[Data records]
--- --- ---

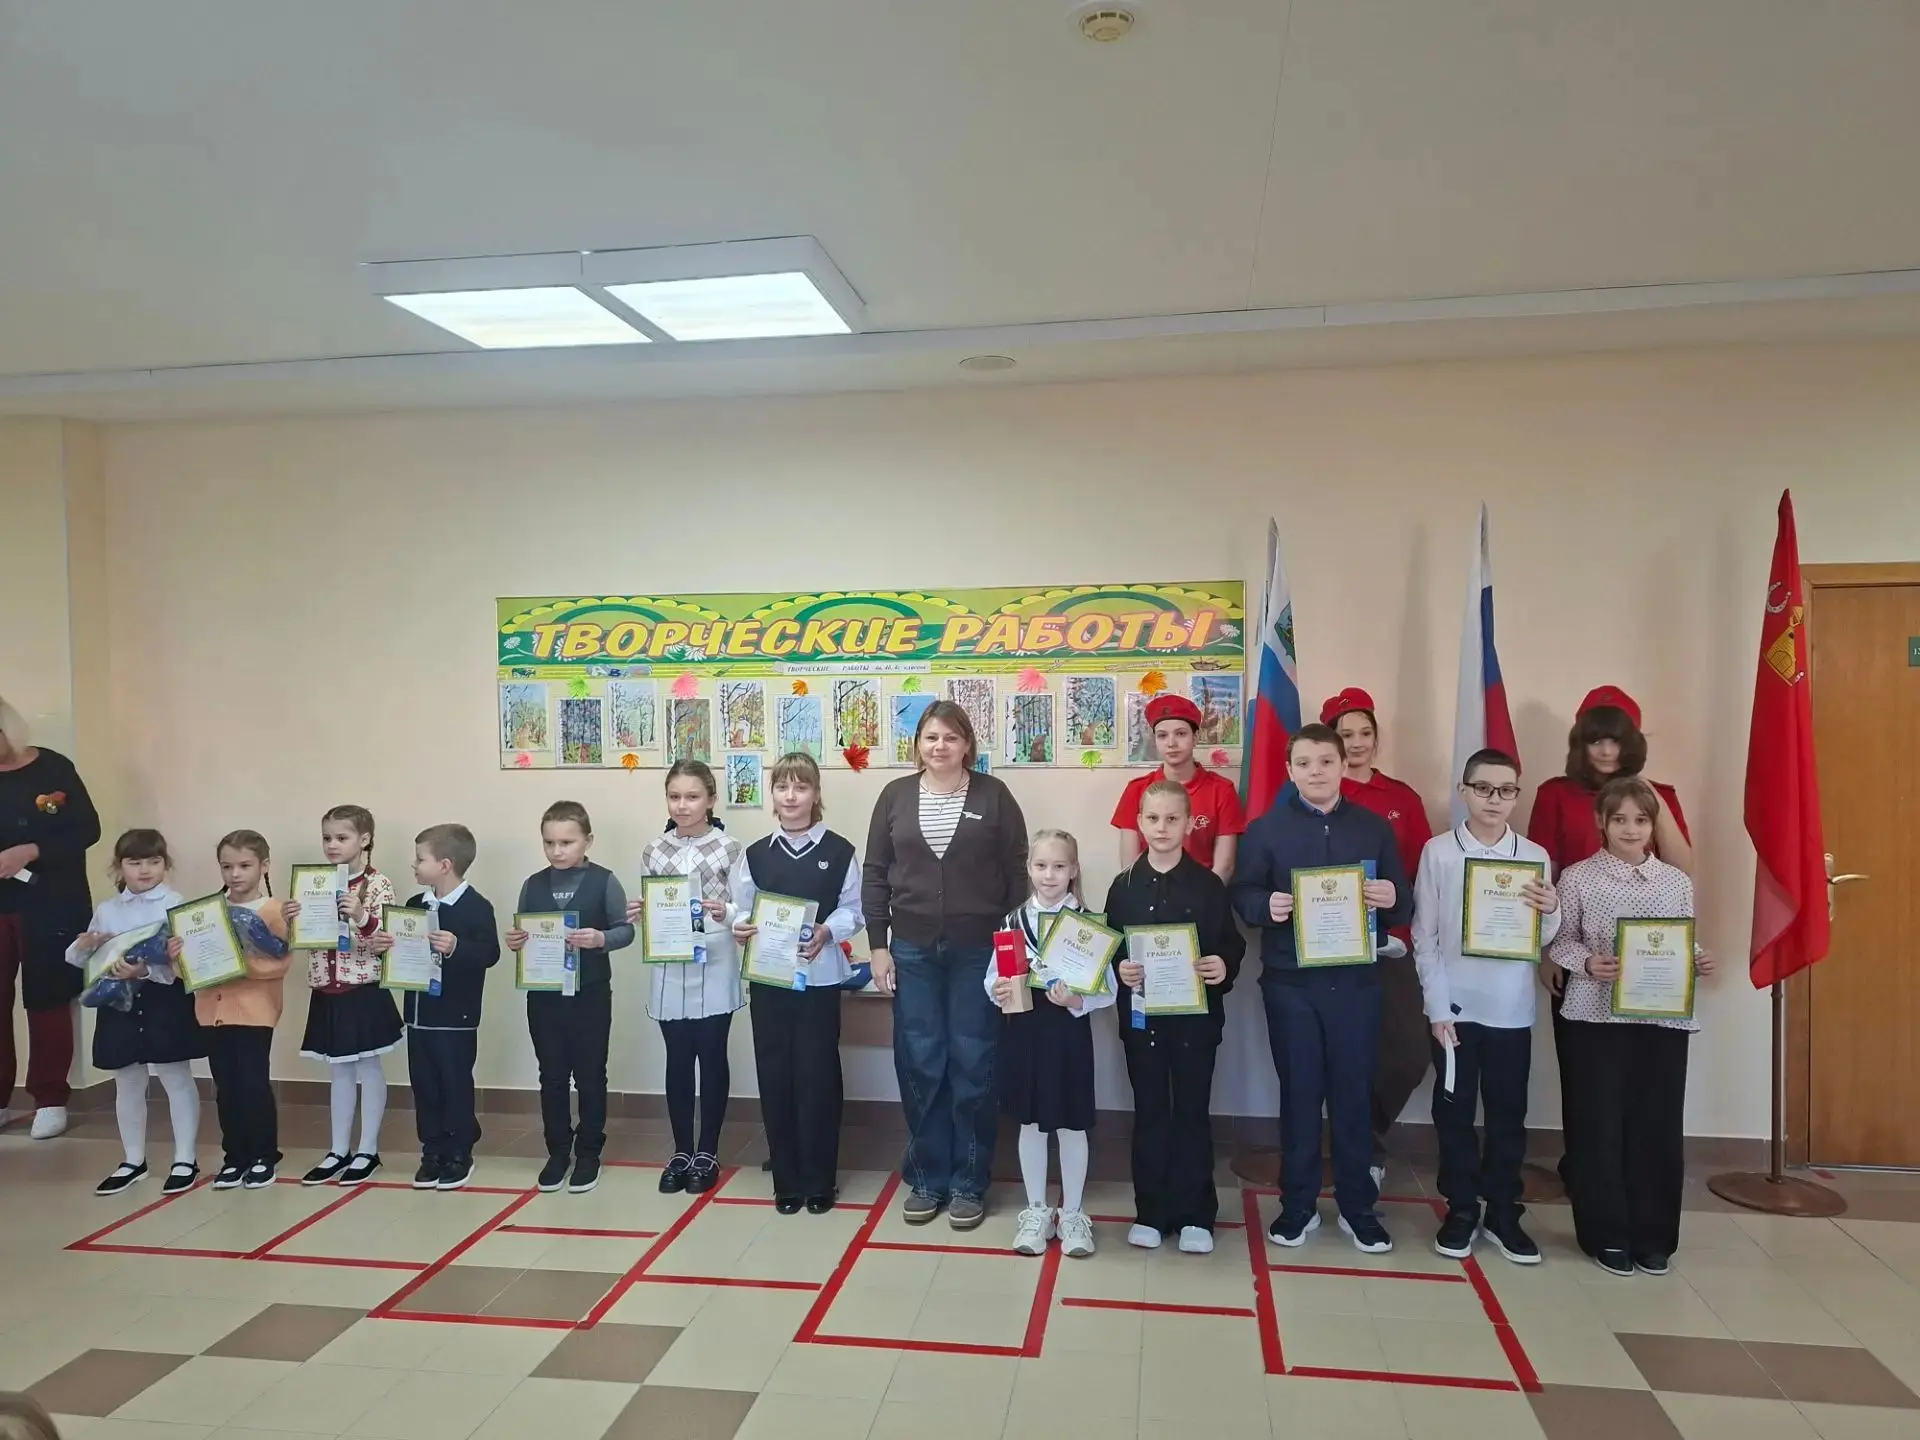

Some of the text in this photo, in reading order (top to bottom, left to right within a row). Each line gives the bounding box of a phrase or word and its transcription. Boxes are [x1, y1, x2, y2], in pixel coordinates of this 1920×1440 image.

[533, 610, 1218, 659] ТВОРЧЕСКИЕ РАБОТЫ
[787, 665, 831, 673] ТВОРЧЕСКИЕ
[1311, 895, 1349, 903] ГРАМОТА
[1063, 938, 1096, 957] ГРАМОТА
[1146, 949, 1182, 958] ГРАМОТА
[1636, 949, 1676, 957] ГРАМОТА

--- --- ---

* _Problem to work on_: Nothing but an exact copy of the data, without pictures, should be returned.

* _Output of the task_:
Some of the text in this photo, in reading order (top to bottom, left to right within a row). Each line gives the bounding box of a phrase or word and its transcription. Boxes are [x1, y1, x2, y2], in pixel coordinates of this 1920×1440 image.

[533, 610, 1218, 659] ТВОРЧЕСКИЕ РАБОТЫ
[787, 665, 831, 673] ТВОРЧЕСКИЕ
[1311, 895, 1349, 903] ГРАМОТА
[1063, 938, 1096, 957] ГРАМОТА
[1146, 949, 1182, 958] ГРАМОТА
[1636, 949, 1676, 957] ГРАМОТА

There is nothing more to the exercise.